The whole listing needs retyping exactly; keep the pictures out of it.

-- Record excerpts follows --

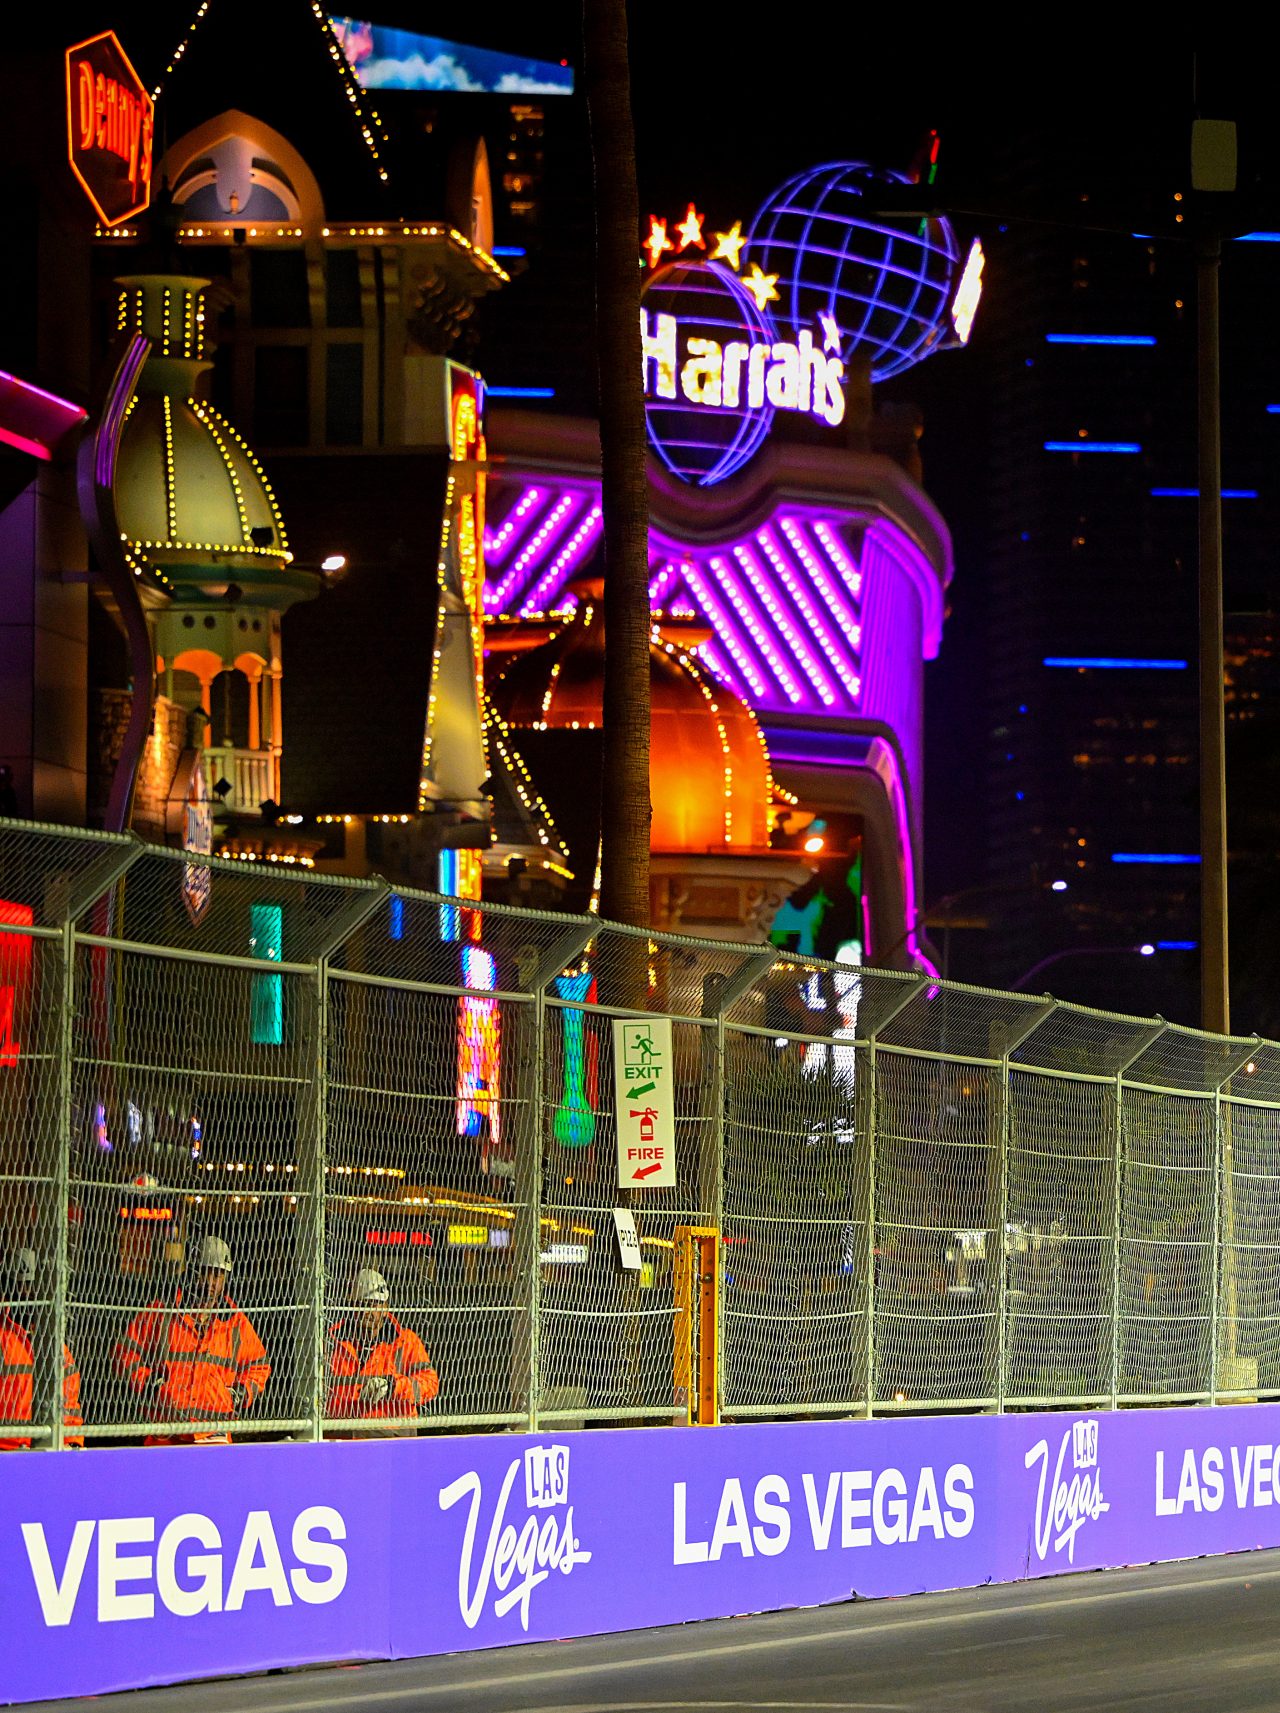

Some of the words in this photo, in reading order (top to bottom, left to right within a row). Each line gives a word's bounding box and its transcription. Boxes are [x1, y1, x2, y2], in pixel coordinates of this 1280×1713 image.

[79, 61, 152, 202] Denny's
[640, 308, 846, 427] Harrah's
[624, 1066, 663, 1079] EXIT
[627, 1147, 664, 1160] FIRE
[527, 1447, 568, 1505] LAS
[1074, 1420, 1098, 1468] LAS
[1155, 1446, 1225, 1516] LAS
[439, 1459, 592, 1631] Vegas
[673, 1474, 791, 1565] LAS
[802, 1463, 975, 1551] VEGAS
[1025, 1430, 1110, 1564] Vegas
[20, 1506, 348, 1627] VEGAS

-- Record excerpts concluded --

[Finished exercise]
Some of the words in this photo, in reading order (top to bottom, left to right within a row). Each line gives a word's bounding box and its transcription. Boxes are [x1, y1, x2, y2], in pixel coordinates of this 1280×1713 image.

[79, 61, 152, 202] Denny's
[640, 308, 846, 427] Harrah's
[624, 1066, 663, 1079] EXIT
[627, 1147, 664, 1160] FIRE
[527, 1447, 568, 1505] LAS
[1074, 1420, 1098, 1468] LAS
[1155, 1446, 1225, 1516] LAS
[439, 1459, 592, 1631] Vegas
[673, 1474, 791, 1565] LAS
[802, 1463, 975, 1551] VEGAS
[1025, 1430, 1110, 1564] Vegas
[20, 1506, 348, 1627] VEGAS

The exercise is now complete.